New Book of the Week: Midnight at the Well of Souls

In early February I mentioned the serendipity of convention attendance and how buying books by Guests of Honour and attending authors, regardless of whether I’d heard of them or not, led me to discover some wonderful writers – Gene Wolfe and Guy Gavriel Kay to name but two. As far as books are concerned, in addition to Helliconia, I’ve read the likes of Lord Valentine’s Castle, Dragonflight, The Warhound and the World’s Pain and The Magic Goes Away simply because I had the opportunity to get them signed. I was already familiar with all of these authors but without the added incentive, I may never have read those particular books.

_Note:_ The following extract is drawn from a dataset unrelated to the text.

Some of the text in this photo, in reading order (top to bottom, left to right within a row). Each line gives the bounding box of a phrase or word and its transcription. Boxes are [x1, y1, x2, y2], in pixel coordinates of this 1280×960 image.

When I’m compiling these lists, though, I always seem to leave one name out; and if I’m honest, it’s simple snobbery that prompts me to do so. One wears one’s familiarity with the works of, say, Michael Moorcock, Robert Silverberg or Gene Wolfe as a badge of honour. Enjoying highly-decorated, critically acclaimed authors imbues a sense of reflected glory on the reader – really, for doing nothing more than picking up and reading a book. A mere storyteller, though . . . well, now . . . that’s problematic; that requires a more delicate hand – the self-deprecating (although it’s actually author-deprecating) acknowledgement of a guilty pleasure.

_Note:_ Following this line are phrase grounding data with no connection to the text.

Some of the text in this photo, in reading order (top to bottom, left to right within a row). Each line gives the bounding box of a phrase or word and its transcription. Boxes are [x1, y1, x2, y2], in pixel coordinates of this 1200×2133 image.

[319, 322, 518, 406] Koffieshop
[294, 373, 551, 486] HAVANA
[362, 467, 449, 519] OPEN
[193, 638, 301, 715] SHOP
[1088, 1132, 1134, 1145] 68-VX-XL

Well, to hell with that. At the 43rd Worldcon, Aussiecon II, held in Melbourne in 1985, I was introduced to the works of one Jack L. Chalker – specifically, Midnight at the Well of Souls and Spirits of Flux and Anchor – and guess what? They were terrific. Absolutely great fun. I recall being more enthused by the Wellworld saga than the Soul Rider books – although perhaps it’s time I refreshed an almost-30-year-old memory now that we’ve made his titles available again – but I enjoyed them both immensely. Clarke’s Third Law is unashamedly deployed in lieu of having to work out any actual explanation for the Well World but it works (pun intended).

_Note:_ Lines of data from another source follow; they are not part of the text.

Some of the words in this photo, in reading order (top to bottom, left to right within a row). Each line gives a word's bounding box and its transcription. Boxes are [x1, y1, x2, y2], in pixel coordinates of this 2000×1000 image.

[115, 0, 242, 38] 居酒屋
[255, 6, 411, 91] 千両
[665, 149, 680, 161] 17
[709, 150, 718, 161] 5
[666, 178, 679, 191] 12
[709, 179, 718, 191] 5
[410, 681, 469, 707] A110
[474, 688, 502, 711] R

If you want a rollercoaster ride through an alien landscape as entertaining as it is implausible, I humbly submit our New Book of the Week, Midnight at the Well of Souls, as your passport to adventure. Chalker moves his plot and characters forward with an adept hand, with the likes of Nathan Brazil, Mavra Chang and Serge Ortega, especially, skilfully portrayed. As no less an authority than John Clute says in The Encyclopedia of Science Fiction:

Chalker was a novelist of considerable flair, with an ear acutely attuned to the secret dreams of freedom mortals tend to dream

 

You can read more about Jack L. Chalker at his entry in The Encyclopedia of Science Fiction, and find Midnight at the Well of Souls and more of his titles on his author page at the SF Gateway.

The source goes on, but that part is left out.